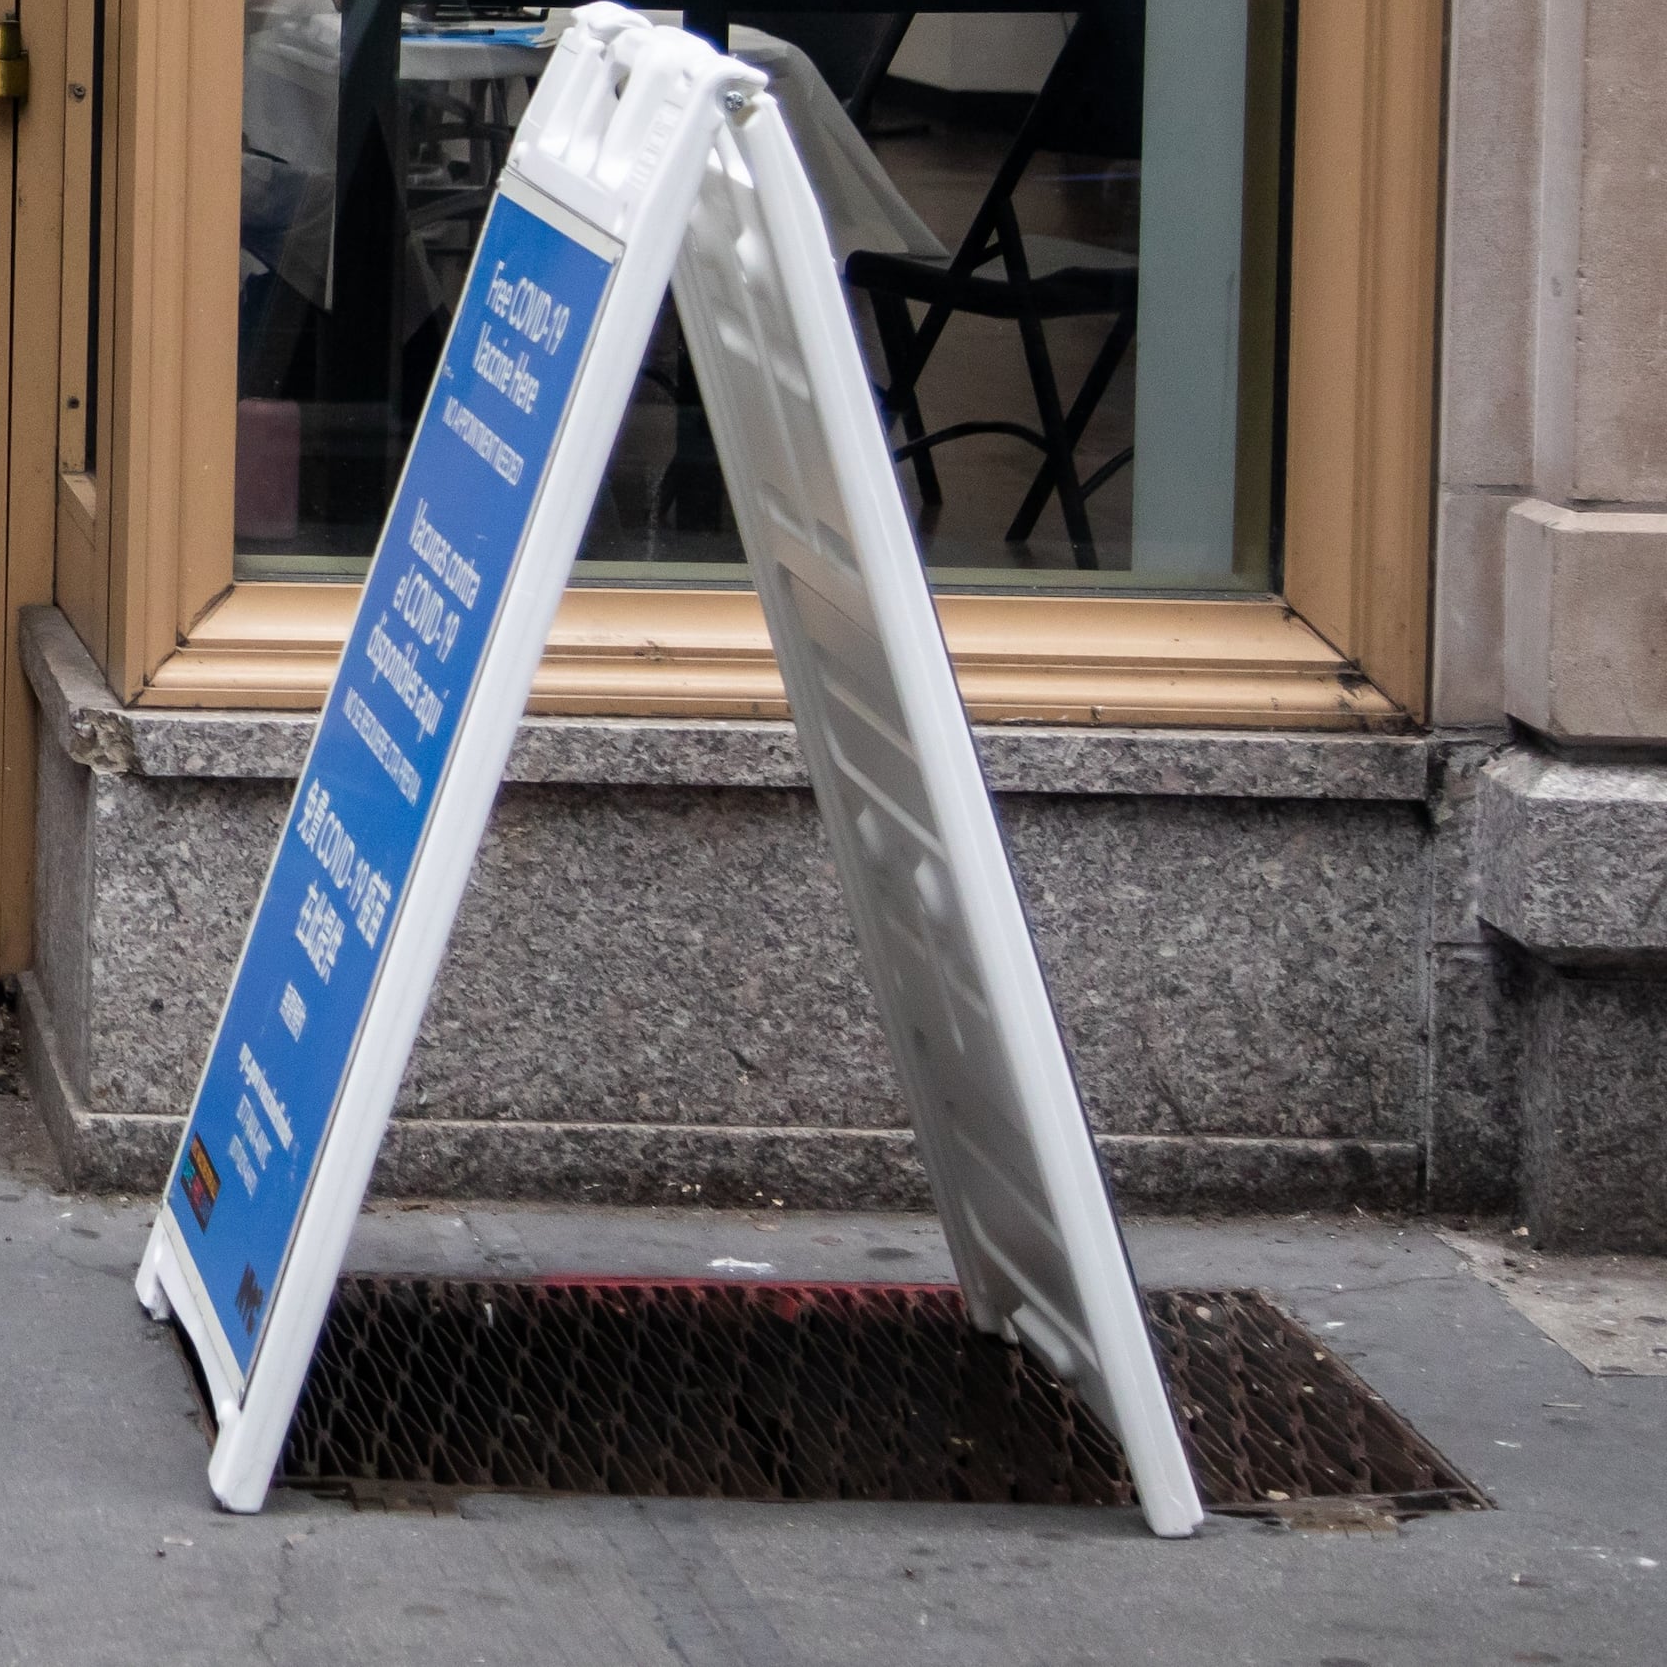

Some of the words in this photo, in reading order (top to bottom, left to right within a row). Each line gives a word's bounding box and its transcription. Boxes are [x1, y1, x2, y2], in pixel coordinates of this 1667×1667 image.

[485, 259, 514, 319] Free
[507, 276, 570, 356] COVID-19
[472, 320, 514, 395] Vaccine
[507, 351, 540, 415] Here
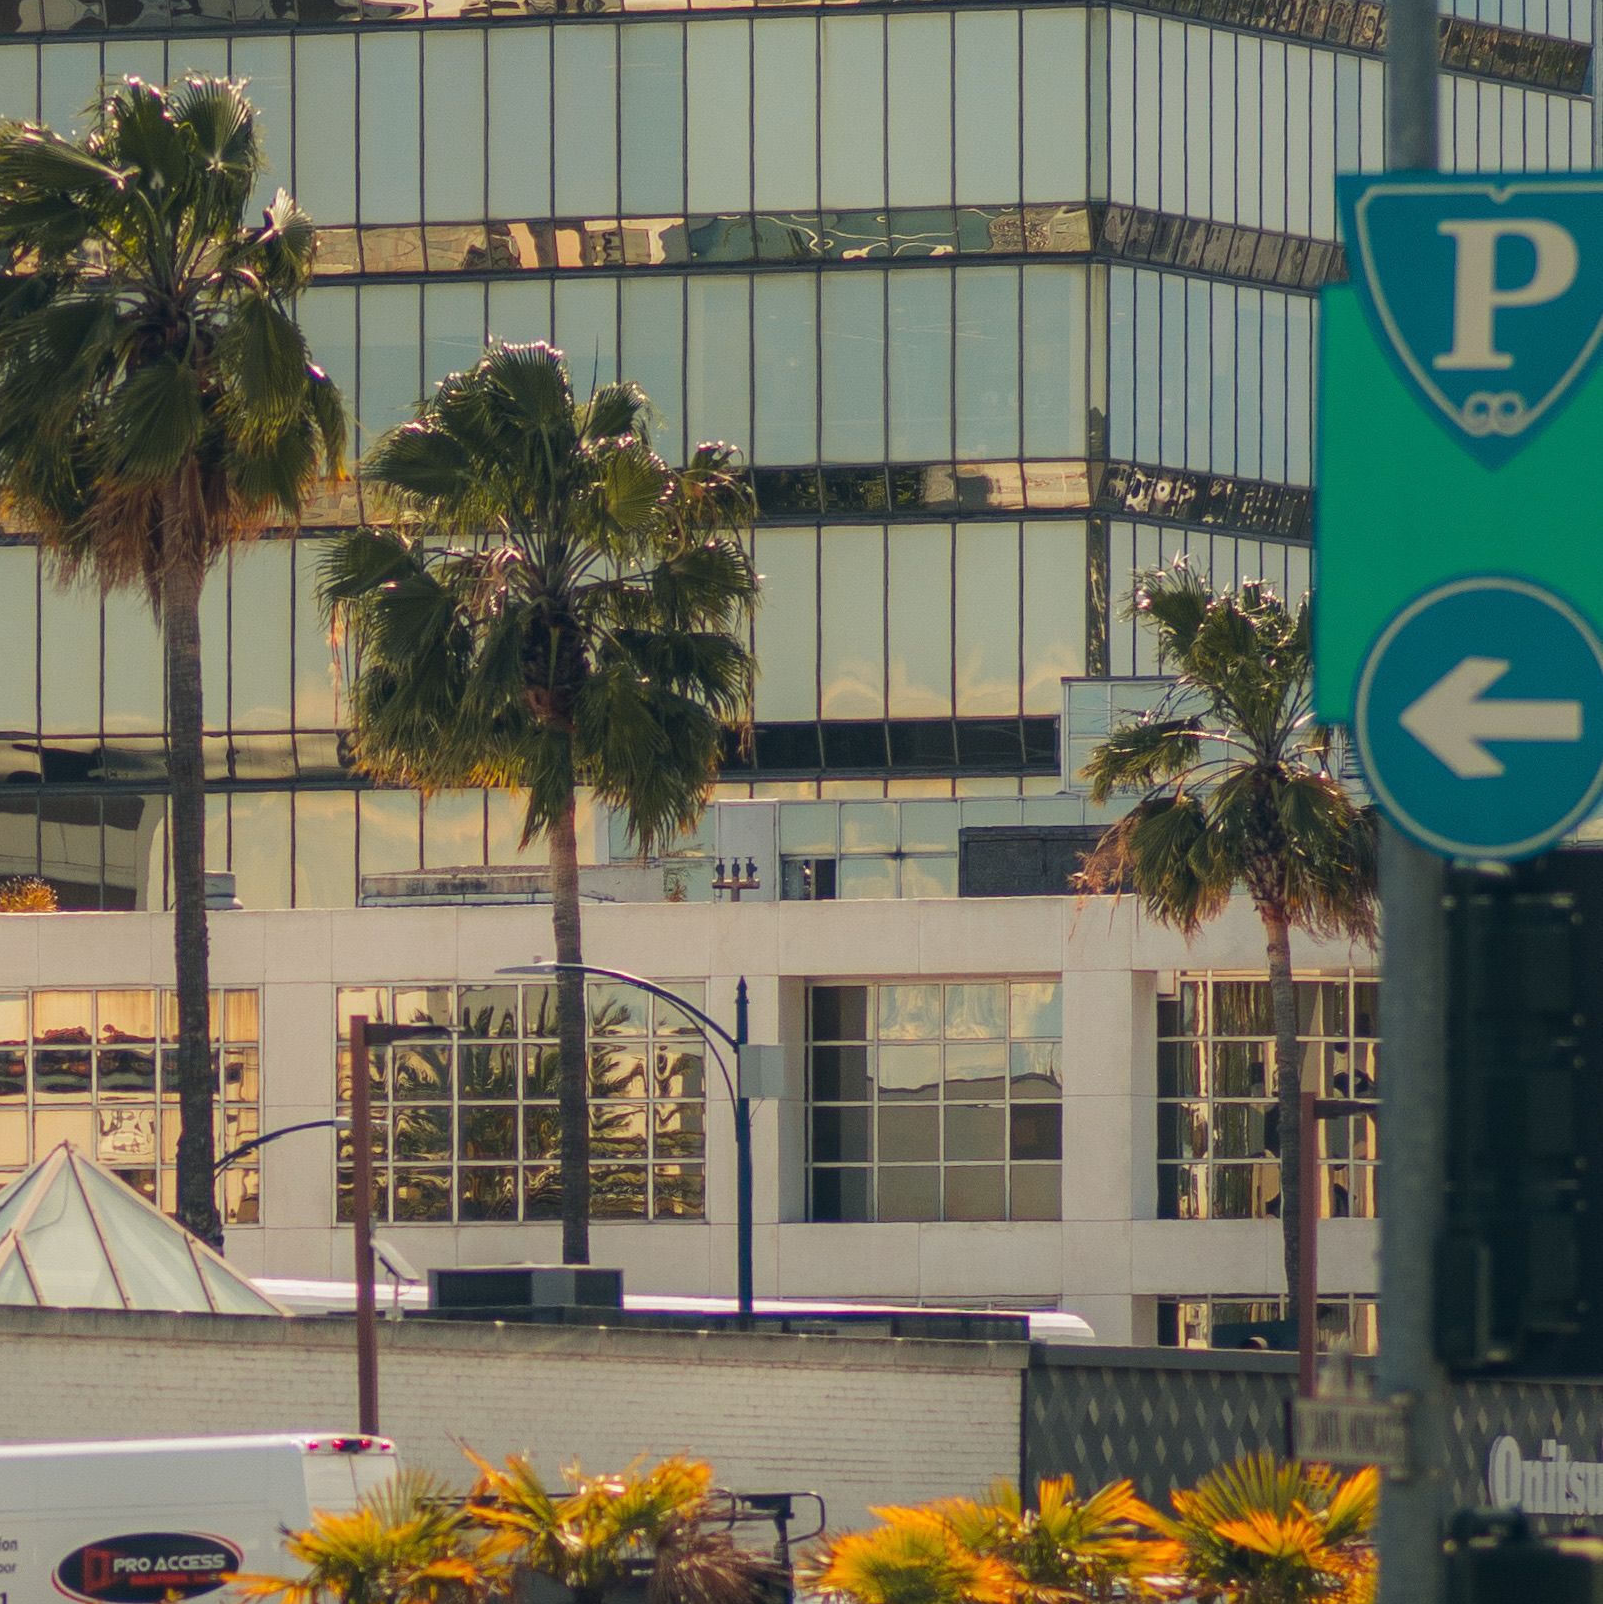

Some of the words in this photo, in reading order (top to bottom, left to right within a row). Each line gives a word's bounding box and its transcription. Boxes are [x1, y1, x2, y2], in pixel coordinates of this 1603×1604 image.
——
▶ [Assignment]:
Once the pictures are set aside, give the rest of the listing again exactly.

▶ [Result]:
Some of the words in this photo, in reading order (top to bottom, left to right within a row). Each line gives a word's bounding box and its transcription. Boxes are [x1, y1, x2, y2], in pixel coordinates of this 1667×1667 image.

[485, 259, 514, 319] Free
[507, 276, 570, 356] COVID-19
[472, 320, 514, 395] Vaccine
[507, 351, 540, 415] Here

Some of the words in this photo, in reading order (top to bottom, left to right within a row). Each line gives a word's bounding box and its transcription. Boxes are [x1, y1, x2, y2], in pixel coordinates of this 1603×1604 image.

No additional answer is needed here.